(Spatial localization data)
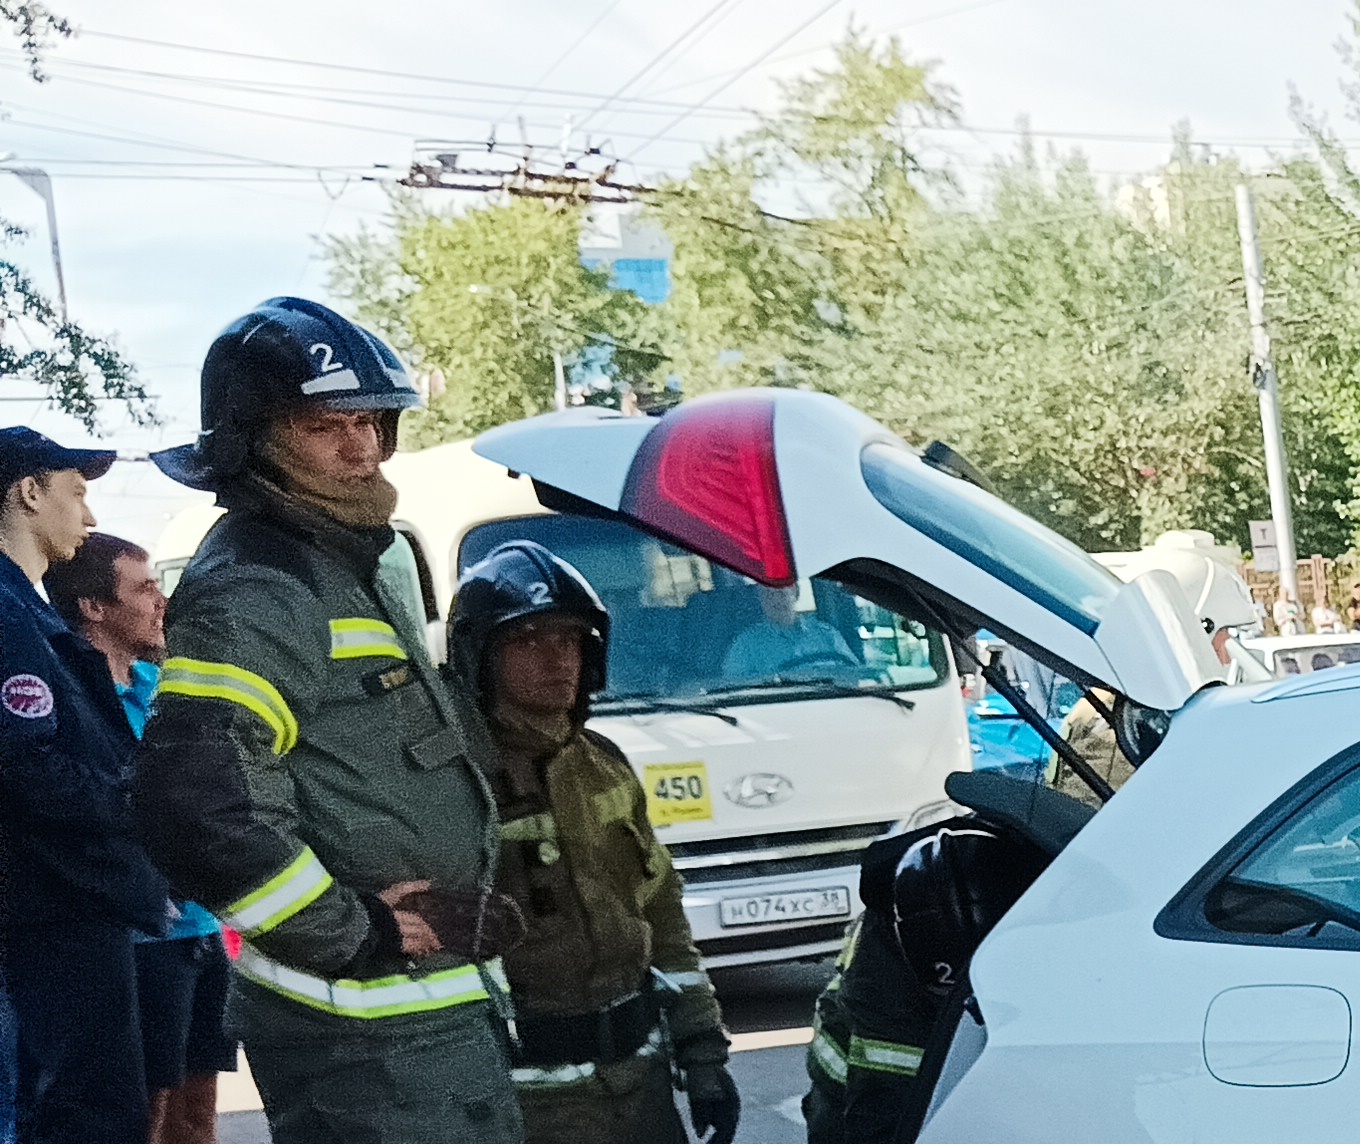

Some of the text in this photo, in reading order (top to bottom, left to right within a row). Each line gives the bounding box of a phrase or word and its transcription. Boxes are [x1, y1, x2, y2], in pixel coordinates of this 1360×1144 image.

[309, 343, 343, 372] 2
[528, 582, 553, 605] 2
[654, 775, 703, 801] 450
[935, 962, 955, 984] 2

## What this task involves
Please reproduce every record exactly as written, excluding the pictures.

## Solution for this task
Some of the text in this photo, in reading order (top to bottom, left to right within a row). Each line gives the bounding box of a phrase or word and its transcription. Boxes are [x1, y1, x2, y2], in pixel coordinates of this 1360×1144 image.

[309, 343, 343, 372] 2
[528, 582, 553, 605] 2
[654, 775, 703, 801] 450
[935, 962, 955, 984] 2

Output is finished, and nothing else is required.